● Exercise aim: Your task is to transcribe all the entries exactly, excluding pictures.
++++ Dataset excerpts
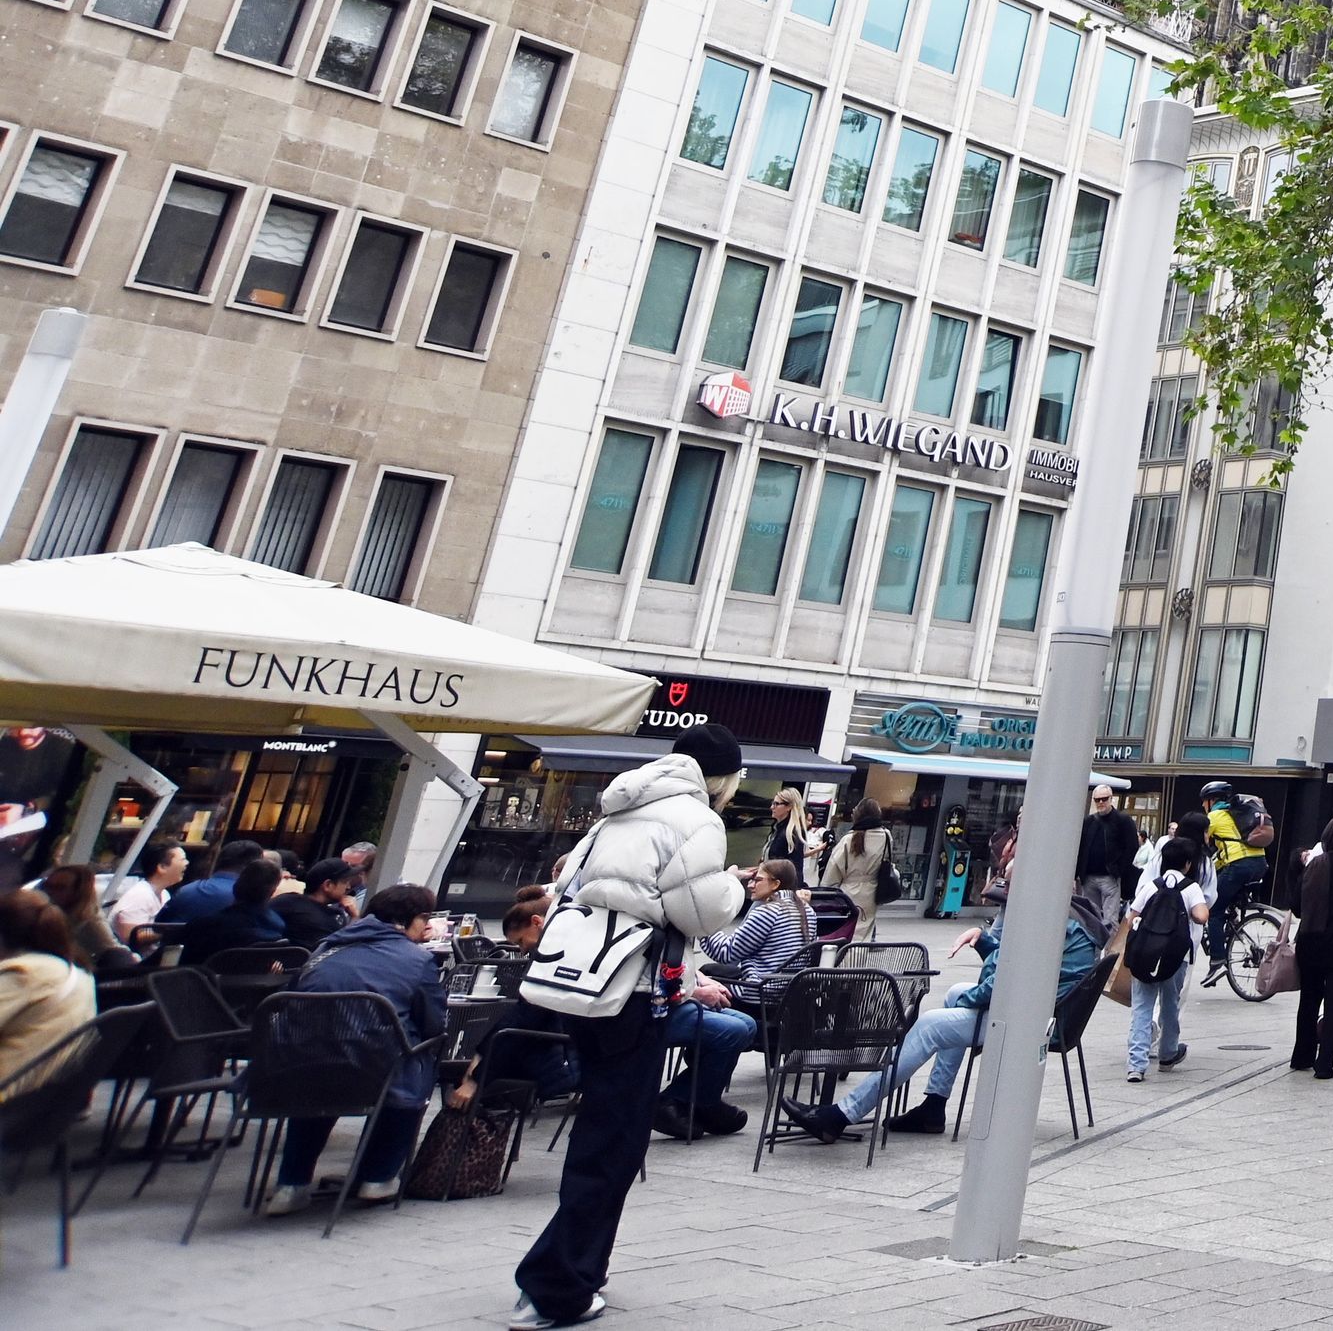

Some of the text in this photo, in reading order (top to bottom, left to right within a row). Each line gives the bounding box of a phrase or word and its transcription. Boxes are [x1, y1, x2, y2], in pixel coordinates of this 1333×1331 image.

[1030, 449, 1079, 474] IMMOBI
[192, 646, 464, 708] FUNKHAUS
[993, 717, 1037, 735] ORIGI
[263, 741, 329, 753] MONTBLANC
[1093, 746, 1132, 760] HAMP
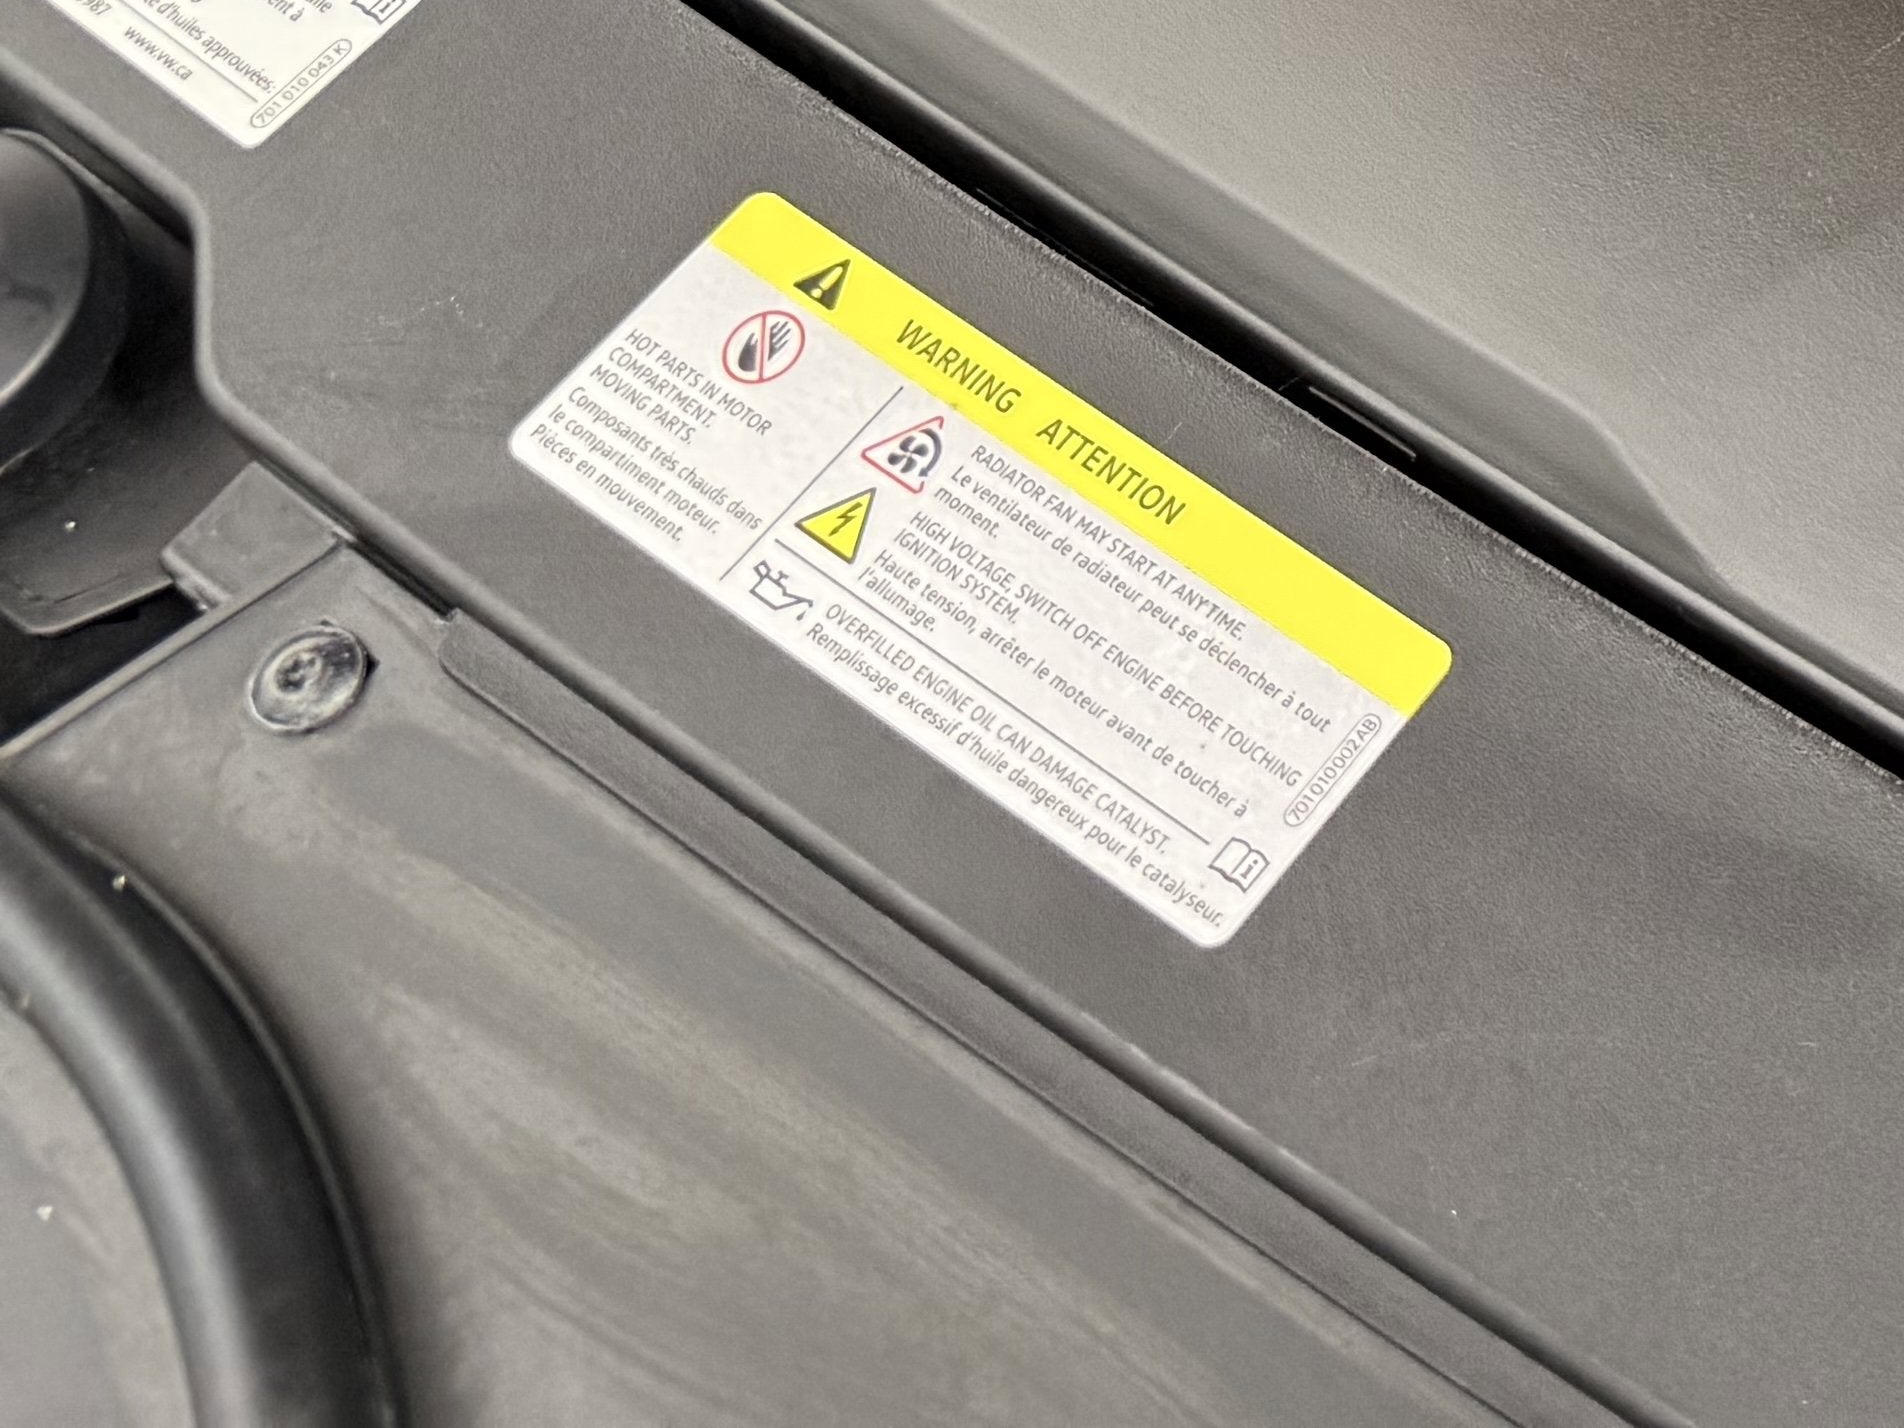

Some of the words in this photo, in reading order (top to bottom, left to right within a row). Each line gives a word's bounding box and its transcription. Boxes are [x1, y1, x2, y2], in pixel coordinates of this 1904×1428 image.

[123, 25, 193, 81] www.vw.ca
[155, 1, 206, 41] d'huiles
[200, 34, 276, 94] approuvées:
[288, 6, 305, 22] à
[255, 100, 282, 124] 701
[280, 75, 310, 101] 010
[306, 54, 335, 78] 043
[332, 43, 348, 56] K
[588, 362, 652, 411] MOVING
[645, 402, 697, 445] PARTS.
[607, 345, 717, 429] COMPARTMENT.
[623, 327, 662, 357] HOT
[654, 348, 705, 388] PARTS
[698, 379, 722, 401] IN
[715, 391, 773, 436] MOTOR
[895, 318, 1022, 414] WARNING
[1034, 417, 1186, 526] ATTENTION
[528, 422, 578, 464] Pièces
[574, 458, 597, 479] en
[593, 472, 684, 542] mouvement.
[547, 402, 566, 424] le
[563, 418, 666, 496] compartiment
[661, 487, 720, 535] moteur.
[567, 385, 653, 453] Composants
[648, 444, 680, 473] très
[675, 465, 729, 507] chauds
[724, 499, 763, 530] dans
[932, 486, 1000, 539] moment.
[856, 565, 936, 633] l'allumage.
[892, 527, 964, 582] IGNITION
[958, 572, 1021, 625] SYSTEM.
[949, 464, 973, 488] Le
[971, 480, 1053, 541] ventilateur
[1049, 535, 1073, 557] de
[1070, 550, 1144, 603] radiateur
[1136, 597, 1180, 630] peut
[1176, 623, 1199, 643] se
[1197, 636, 1284, 699] déclencher
[1279, 689, 1296, 709] à
[1293, 700, 1331, 733] tout
[969, 443, 1047, 503] RADIATOR
[1041, 492, 1078, 524] FAN
[1072, 514, 1112, 545] MAY
[1105, 536, 1158, 577] START
[1150, 568, 1178, 590] AT
[1170, 581, 1209, 613] ANY
[1202, 602, 1251, 641] TIME.
[872, 547, 921, 590] Haute
[919, 582, 977, 635] tension,
[978, 625, 1036, 668] arrêter
[1031, 658, 1050, 680] le
[1047, 673, 1109, 719] moteur
[1104, 713, 1153, 752] avant
[1150, 744, 1175, 767] de
[1172, 758, 1237, 808] toucher
[1232, 798, 1249, 818] à
[908, 509, 952, 545] HIGH
[947, 534, 1016, 594] VOLTAGE,
[1013, 582, 1077, 631] SWITCH
[1071, 622, 1108, 650] OFF
[1101, 642, 1165, 692] ENGINE
[1157, 682, 1224, 734] BEFORE
[1219, 722, 1303, 787] TOUCHING
[804, 621, 899, 696] Remplissage
[896, 689, 963, 737] excessif
[954, 730, 1009, 774] d'huile
[1006, 766, 1090, 831] dangereux
[1082, 823, 1127, 856] pour
[1123, 844, 1142, 869] le
[1140, 862, 1224, 928] catalyseur.
[824, 602, 916, 672] OVERFILLED
[911, 663, 975, 713] ENGINE
[968, 703, 997, 732] OIL
[995, 722, 1033, 755] CAN
[1026, 745, 1099, 801] DAMAGE
[1093, 792, 1171, 855] CATALYST.
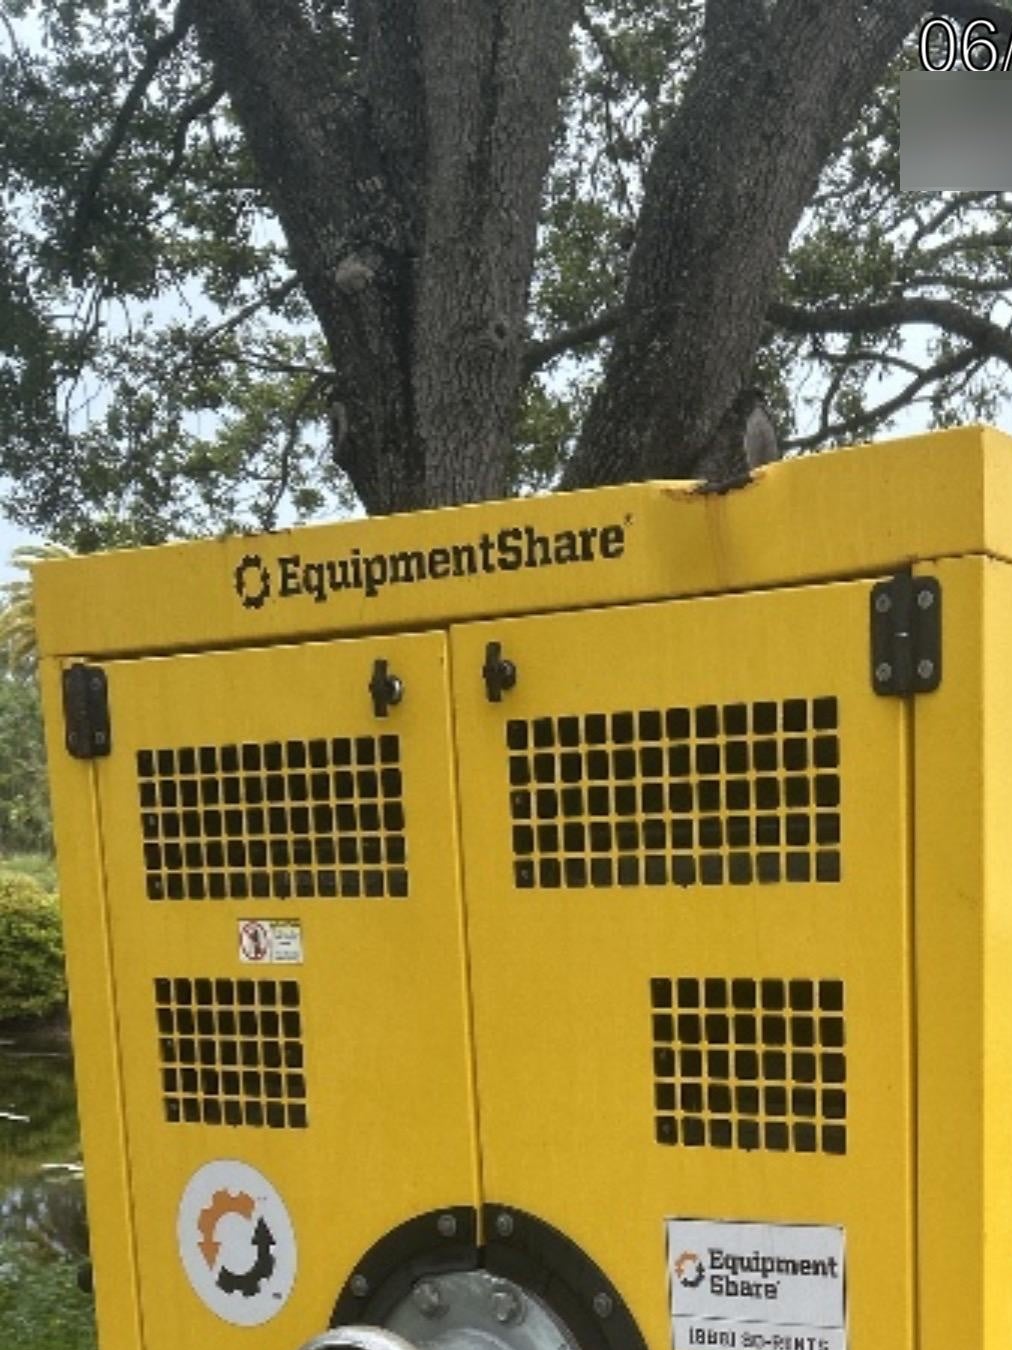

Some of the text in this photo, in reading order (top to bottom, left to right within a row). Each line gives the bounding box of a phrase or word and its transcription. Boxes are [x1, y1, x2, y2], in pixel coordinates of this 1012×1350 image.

[277, 522, 626, 602] EquipmentShare
[708, 1247, 839, 1279] Equipment
[710, 1274, 777, 1300] Share
++++++++
● Reply to the task:
Some of the text in this photo, in reading order (top to bottom, left to right within a row). Each line gives the bounding box of a phrase or word and its transcription. Boxes are [x1, y1, x2, y2], in pixel coordinates of this 1333×1331 image.

[1030, 449, 1079, 474] IMMOBI
[192, 646, 464, 708] FUNKHAUS
[993, 717, 1037, 735] ORIGI
[263, 741, 329, 753] MONTBLANC
[1093, 746, 1132, 760] HAMP

Some of the words in this photo, in reading order (top to bottom, left to right within a row). Each line gives a word's bounding box and its transcription. Boxes are [x1, y1, x2, y2], in pixel coordinates of this 1904×1428 image.

[123, 25, 193, 81] www.vw.ca
[155, 1, 206, 41] d'huiles
[200, 34, 276, 94] approuvées:
[288, 6, 305, 22] à
[255, 100, 282, 124] 701
[280, 75, 310, 101] 010
[306, 54, 335, 78] 043
[332, 43, 348, 56] K
[588, 362, 652, 411] MOVING
[645, 402, 697, 445] PARTS.
[607, 345, 717, 429] COMPARTMENT.
[623, 327, 662, 357] HOT
[654, 348, 705, 388] PARTS
[698, 379, 722, 401] IN
[715, 391, 773, 436] MOTOR
[895, 318, 1022, 414] WARNING
[1034, 417, 1186, 526] ATTENTION
[528, 422, 578, 464] Pièces
[574, 458, 597, 479] en
[593, 472, 684, 542] mouvement.
[547, 402, 566, 424] le
[563, 418, 666, 496] compartiment
[661, 487, 720, 535] moteur.
[567, 385, 653, 453] Composants
[648, 444, 680, 473] très
[675, 465, 729, 507] chauds
[724, 499, 763, 530] dans
[932, 486, 1000, 539] moment.
[856, 565, 936, 633] l'allumage.
[892, 527, 964, 582] IGNITION
[958, 572, 1021, 625] SYSTEM.
[949, 464, 973, 488] Le
[971, 480, 1053, 541] ventilateur
[1049, 535, 1073, 557] de
[1070, 550, 1144, 603] radiateur
[1136, 597, 1180, 630] peut
[1176, 623, 1199, 643] se
[1197, 636, 1284, 699] déclencher
[1279, 689, 1296, 709] à
[1293, 700, 1331, 733] tout
[969, 443, 1047, 503] RADIATOR
[1041, 492, 1078, 524] FAN
[1072, 514, 1112, 545] MAY
[1105, 536, 1158, 577] START
[1150, 568, 1178, 590] AT
[1170, 581, 1209, 613] ANY
[1202, 602, 1251, 641] TIME.
[872, 547, 921, 590] Haute
[919, 582, 977, 635] tension,
[978, 625, 1036, 668] arrêter
[1031, 658, 1050, 680] le
[1047, 673, 1109, 719] moteur
[1104, 713, 1153, 752] avant
[1150, 744, 1175, 767] de
[1172, 758, 1237, 808] toucher
[1232, 798, 1249, 818] à
[908, 509, 952, 545] HIGH
[947, 534, 1016, 594] VOLTAGE,
[1013, 582, 1077, 631] SWITCH
[1071, 622, 1108, 650] OFF
[1101, 642, 1165, 692] ENGINE
[1157, 682, 1224, 734] BEFORE
[1219, 722, 1303, 787] TOUCHING
[804, 621, 899, 696] Remplissage
[896, 689, 963, 737] excessif
[954, 730, 1009, 774] d'huile
[1006, 766, 1090, 831] dangereux
[1082, 823, 1127, 856] pour
[1123, 844, 1142, 869] le
[1140, 862, 1224, 928] catalyseur.
[824, 602, 916, 672] OVERFILLED
[911, 663, 975, 713] ENGINE
[968, 703, 997, 732] OIL
[995, 722, 1033, 755] CAN
[1026, 745, 1099, 801] DAMAGE
[1093, 792, 1171, 855] CATALYST.

Some of the text in this photo, in reading order (top to bottom, left to right within a row). Each line gives the bounding box of a phrase or word and its transcription. Boxes are [x1, y1, x2, y2], in pixel coordinates of this 1012×1350 image.

[277, 522, 626, 602] EquipmentShare
[708, 1247, 839, 1279] Equipment
[710, 1274, 777, 1300] Share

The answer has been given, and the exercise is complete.